Michael Brown on War-Torn Armenia Places a Heavy Weight on Churches

The conflict continues to rage in Armenia that has taken the lives of many soldiers and displaced over 100,000 people. All the while, the world keeps silent and prefers not to know about it. On Nov 10th a Russia-brokered peace deal has been agreed between Armenia and Azerbaijan. It brought to an end six weeks of war in which thousands of people were killed and displaced.

I just came back from Armenia and want to emphasize some basic facts about what is happening in this small and remote country.

First of all, we should acknowledge that although hostilities have ended with a ceasefire agreement, the humanitarian crisis is only getting worse. The terms of the peace are such that Armenia loses almost everything and people have nowhere to return to. Moreover, Armenia itself is completely under Russian control. This means that all Western and international organizations can face big problems. Protests against surrender are growing, and chaos is growing in the country.

Secondly, in these conditions, the role of the Church increases. People just have nowhere else to go. The church becomes the only place where people can be helped.

Thirdly, the Church is ready to help people but the Church itself needs help.  Evangelical churches of Armenia are very active but they are not and cannot be ready for such high numbers of refugees. Today is our chance to show Christian solidarity and help the Armenian Evangelical Church fulfill its mission in this difficult time. “Help us to help our people”, ask local pastors.

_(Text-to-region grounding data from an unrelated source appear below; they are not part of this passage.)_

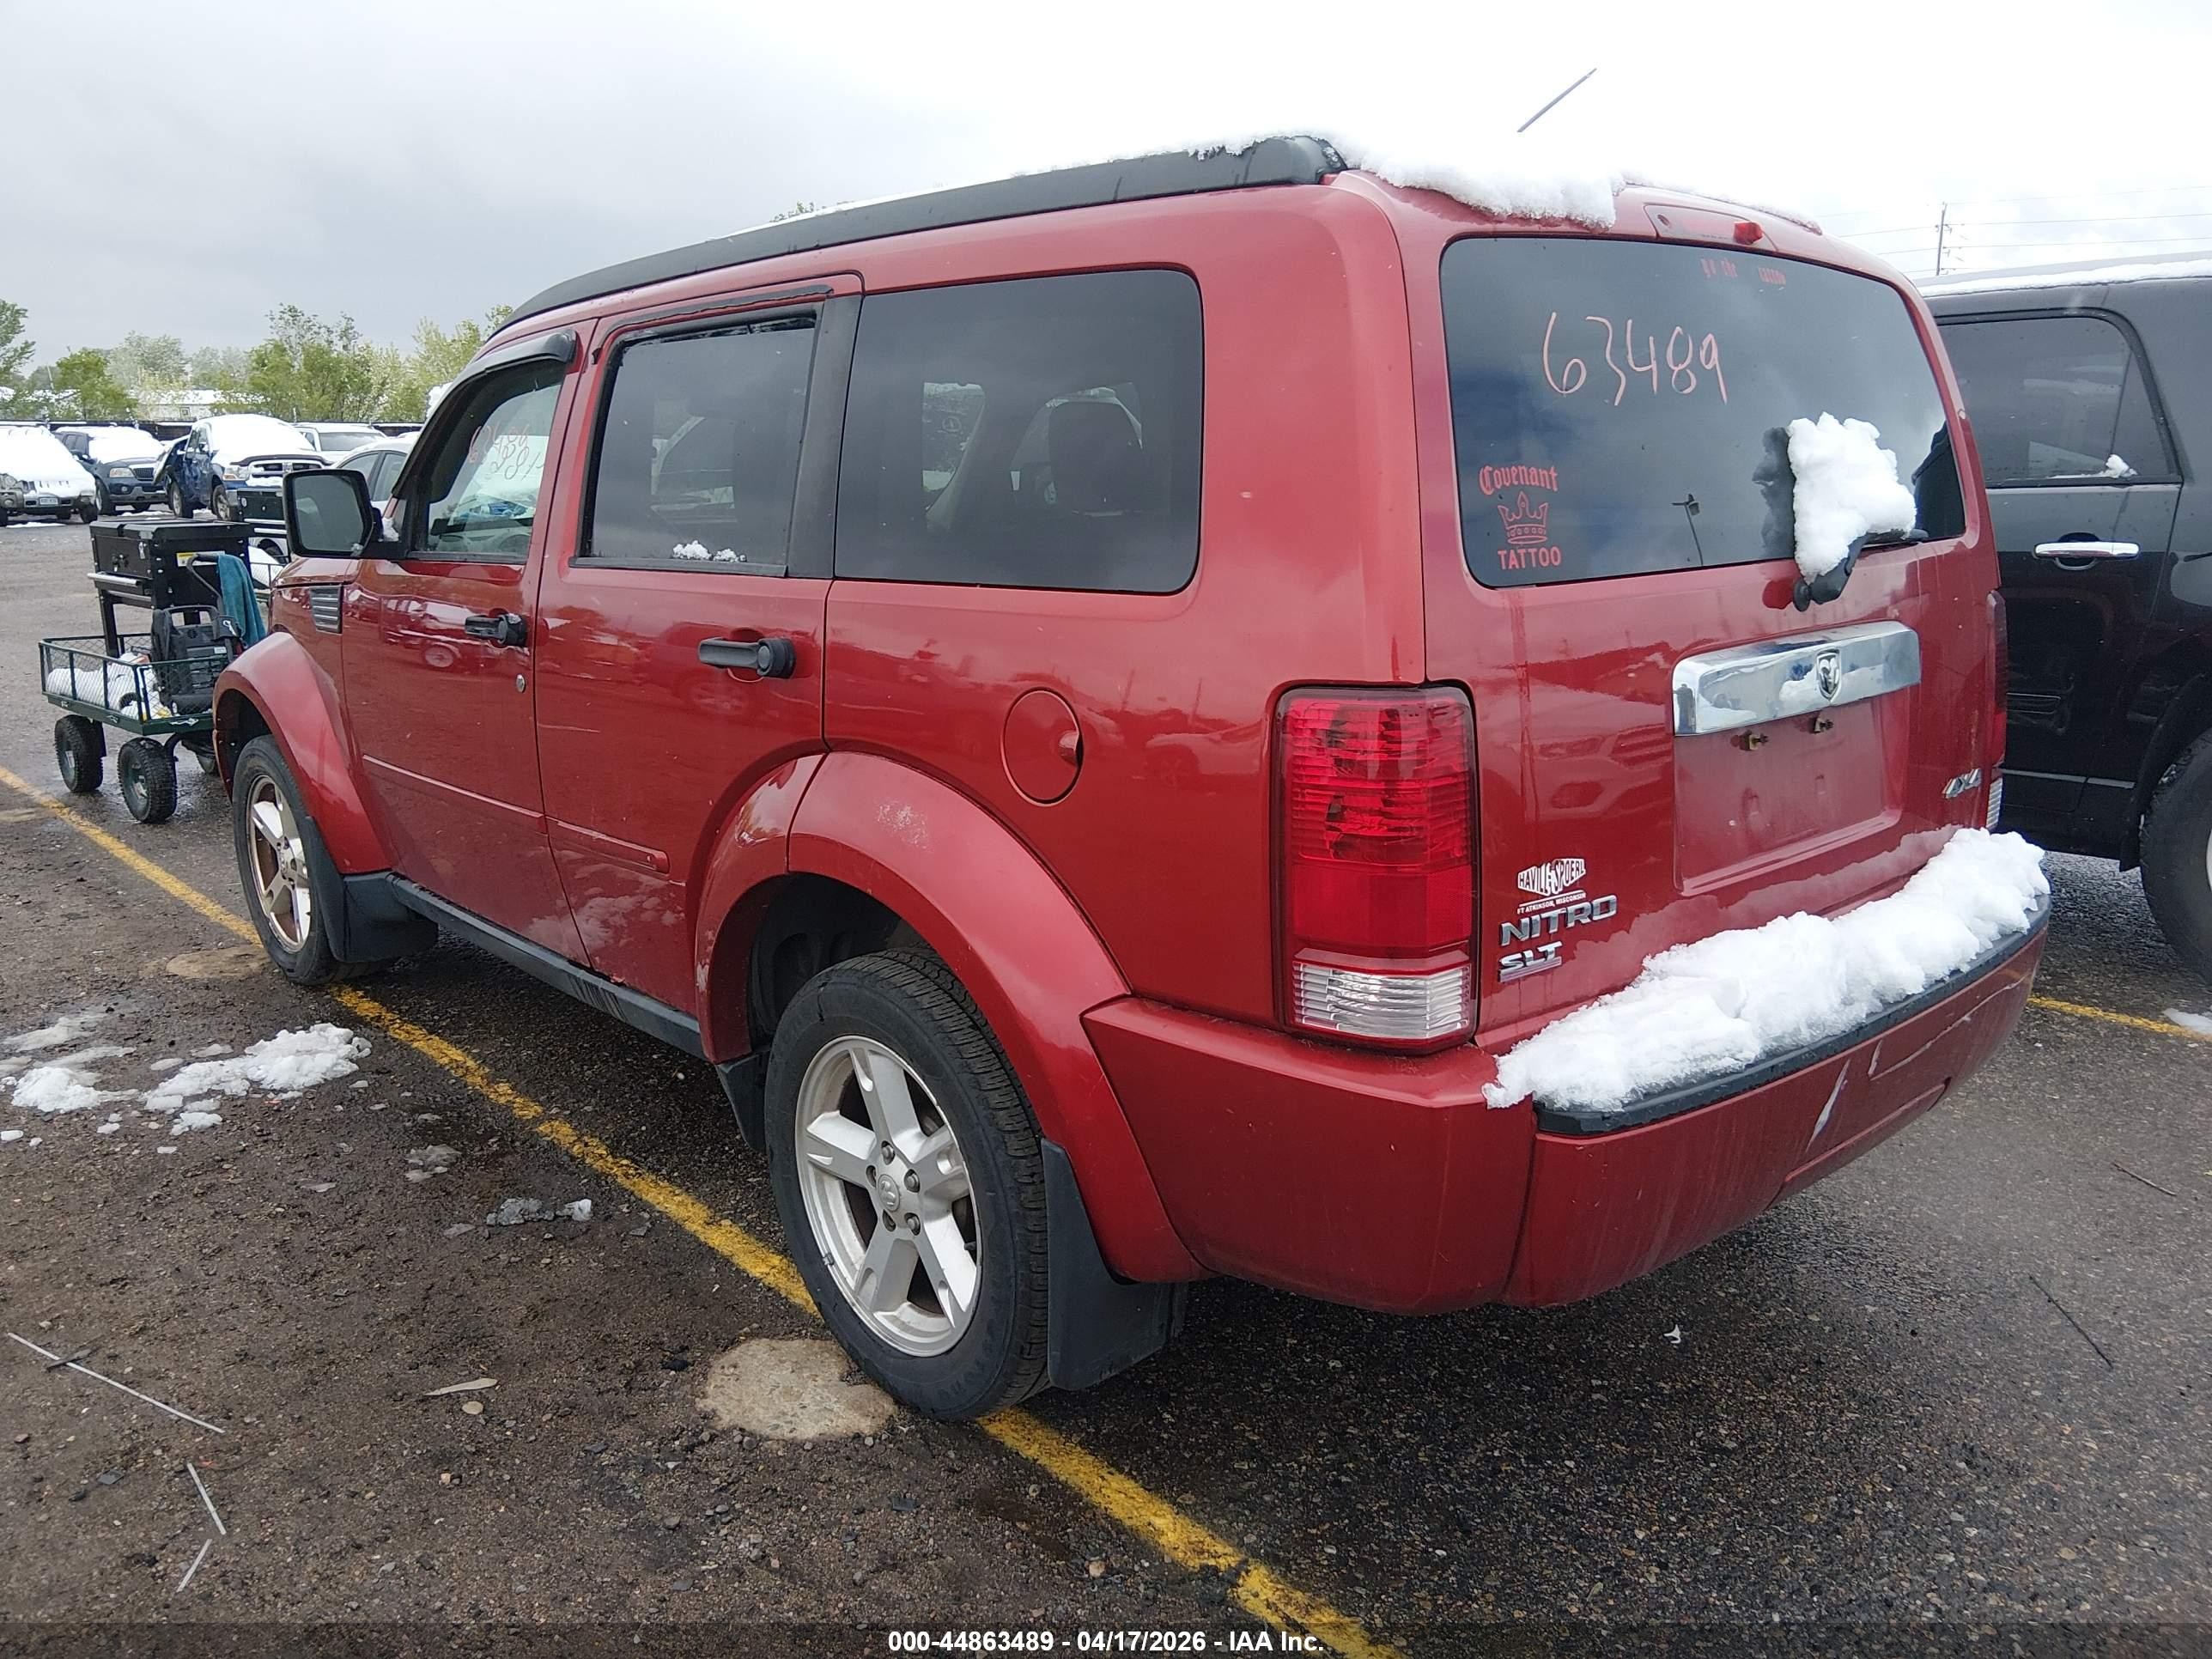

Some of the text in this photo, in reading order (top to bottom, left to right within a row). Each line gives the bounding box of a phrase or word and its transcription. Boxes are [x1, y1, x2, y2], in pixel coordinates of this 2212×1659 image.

[1543, 312, 1727, 405] 63489
[1479, 465, 1559, 495] Covenant
[1497, 546, 1561, 570] TATTOO
[1500, 894, 1618, 947] NITRO
[1499, 941, 1563, 970] SLT

On my recent trip to Armenia (Oct 29th – Nov 7th) I had an opportunity to visit 12 evangelical churches and meet with many church ministers.  I heard it everywhere that Christians are also on the frontlines, on their very special front – the front of caring for those who have been affected by the conflict.

For a small Christian nation the conflict is not an issue of the territory, it’s of their survival. Refugees suffer because of lack of bread, roof over their heads, medicine and doctors’ help. Apart from that, the pandemic crisis is worsening. With all that happening, the churches have become the beacons of hope for scared and suffering people. They don’t do services on Sundays because of the coronavirus but they continue serving refugees every day sharing their bread and their homes as well as words of comfort and hope. Even before the war, more than 32% of the population lived below the poverty line. Now with the conflict raging on, these alarming rates are growing every day.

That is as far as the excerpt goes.